1
                                                                   EXHIBIT 10.19

                                    AGREEMENT

         This Agreement is made effective as of the 21st day of January, 2000 by
and between S&D Land Holdings, Inc., a Minnesota corporation ("S&D"), Grand
Pines Resorts, Inc., a Minnesota corporation ("Grand Pines") and Famous Dave's
of America, Inc., a Minnesota corporation ("Famous").

                                 R E C I T A L S

         WHEREAS, on January 15, 1996, S&D, as Landlord, entered into a 10 year
ground lease with Famous Dave's of Minneapolis, Inc., a Minnesota corporation,
n/k/a Famous, as amended by Amendment to Lease dated December 30, 1996 and as
further amended by Second Amendment to Lease dated as of July 1, 1997 for the
Minnetonka Site ("Lease") upon which Famous constructed a Famous Dave's BBQ
restaurant; and

         WHEREAS, S&D has invested in excess of $1,000,000 in the Minnetonka
Site; and

         WHEREAS, Famous and FFCA Acquisition Corporation ("FFCA") entered into
that certain Commitment Letter dated as of December 2, 1999 ("Commitment
Letter") wherein FFCA committed to loan Famous (or a related entity) $3,800,000
("FFCA Loan") which loan will be secured by, among other things, a mortgage on
the Famous restaurant site located at 14601 Highway 7 in Minnetonka, Minnesota
("Minnetonka Site") all as more specifically described in the Commitment Letter;
and

         WHEREAS, on March 14, 1996, Famous and Grand Pines ("Grand Pines"),
entered into that certain Trademark License Agreement ("Royalty Agreement")
wherein Grand Pines, among other things, agreed to pay a fee ("Fee") equal to
four percent (4%) of gross food sales at the Grand Pines restaurant in Hayward,
Wisconsin for the right to use certain trademarks owned by Famous; and

         WHEREAS, in order to facilitate the FFCA Loan, Famous desires to
purchase from S&D and S&D desires to sell to Famous the Minnetonka site and
terminate the Lease. Further, in consideration of S&D agreeing to sell the
Minnetonka site to Famous for $750,000, Famous has agreed to amend the Royalty
Agreement to terminate Grand Pines obligation to pay the Fee.

         NOW, THEREFORE, in consideration of the foregoing recitals and the
mutual agreements of the parties hereinafter set forth and other good and
valuable consideration, the receipt and sufficiency of which is hereby
acknowledged, the parties hereby agree as follows:


         1.   Concurrently with the closing on the FFCA Loan, S&D will convey
              the Minnetonka Site to Famous, or an entity designated by Famous,
              by limited warranty deed in the form attached as Exhibit A;

   2


         2.   Concurrently with the closing on the FFCA Loan, Famous will
              execute a Promissory Note in the form attached hereto as Exhibit B
              in favor of S&D.

         3.   Concurrently with the closing on the FFCA Loan, S&D and Famous
              agree to terminate the Lease by executing a lease termination
              agreement in the form attached hereto as Exhibit C;

         4.   Concurrently with the closing on the FFCA Loan, Famous and Grand
              Pines will execute the amendment to the Royalty Agreement in the
              form attached hereto as Exhibit D;

         5.   In the event that the FFCA Loan is not closed on or before
              February 28, 2000, this Agreement shall be deemed null and void
              and neither party shall have any further obligation to the other
              as it relates to the conditions contained herein. All documents
              delivered in connection with this Agreement shall immediately be
              returned to the executing party.

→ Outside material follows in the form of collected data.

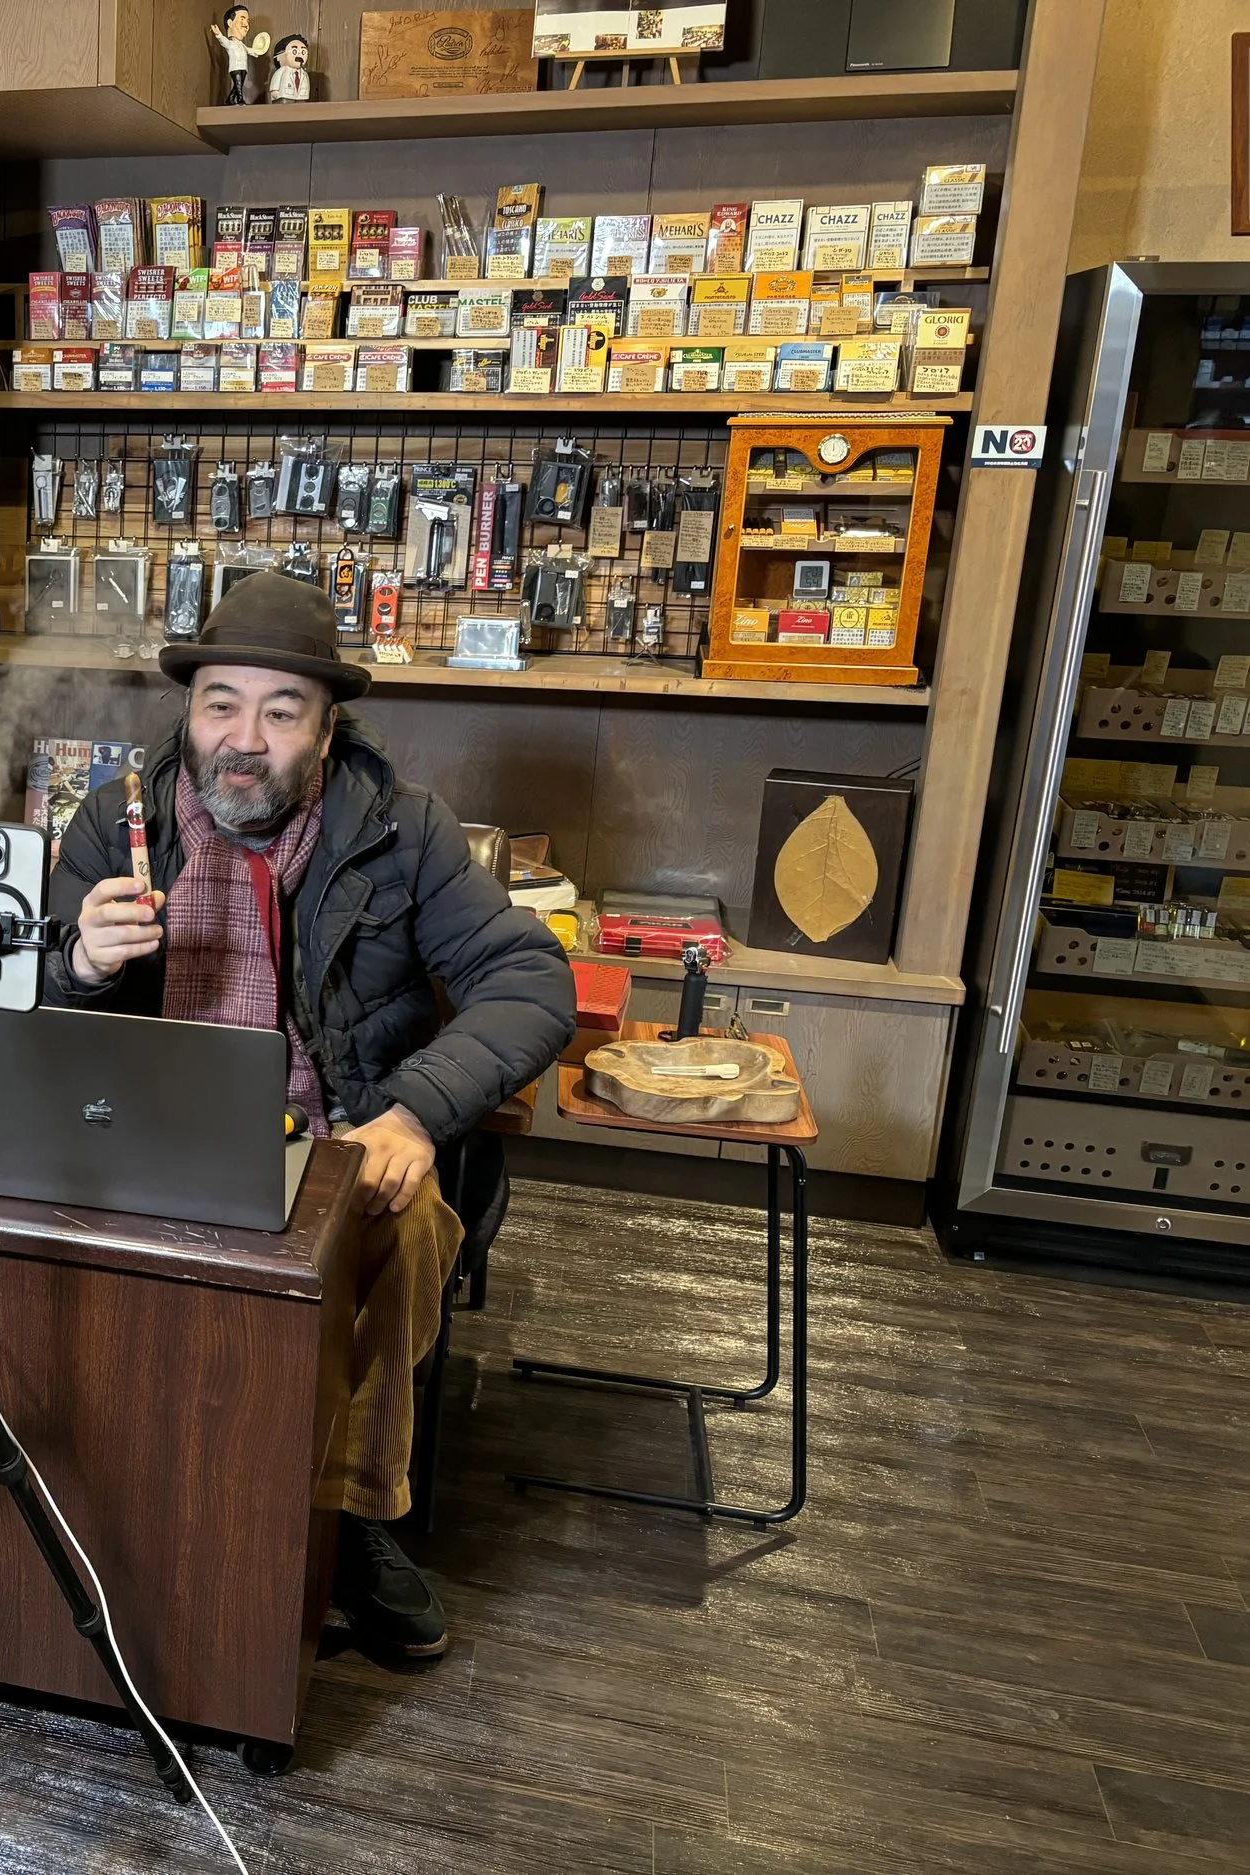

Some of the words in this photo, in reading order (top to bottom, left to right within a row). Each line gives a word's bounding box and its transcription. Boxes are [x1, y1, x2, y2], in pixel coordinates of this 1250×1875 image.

[502, 204, 527, 214] TOSCANO
[757, 214, 794, 224] CHAZZ
[820, 214, 858, 225] CHAZZ
[877, 213, 906, 221] CHAZZ
[659, 223, 704, 238] MEHARI'S
[408, 295, 438, 304] CLUB
[479, 490, 495, 552] BURNER
[474, 557, 488, 587] PEN
[733, 613, 759, 626] Zino
[795, 616, 813, 624] Zino

         6.   FURTHER ACTS AND ASSURANCES. Each party shall, at any time and
              from time to time at and after the Closing, upon request of
              another party and without additional consideration, take any and
              all steps reasonably necessary to execute, acknowledge and
              deliver, or will cause to be done, executed, acknowledged and
              delivered, all such further acts, deeds, assignments, transfers,
              conveyances and assurances as may be reasonably required to
              accomplish the transactions contemplated hereunder.

         7.   BINDING NATURE OF AGREEMENT; ASSIGNMENT. This Agreement shall be
              binding upon and inure to the benefit of the parties hereto and
              their respective successors and assigns, except that no party may
              assign or transfer its or his rights or obligations under this
              Agreement without the prior written consent of the other party
              hereto.

         8.   CONTROLLING LAW. This Agreement and all questions relating to its
              validity, interpretation, performance and enforcement, shall be
              governed by and construed, interpreted and enforced in accordance
              with the laws of the State of Minnesota.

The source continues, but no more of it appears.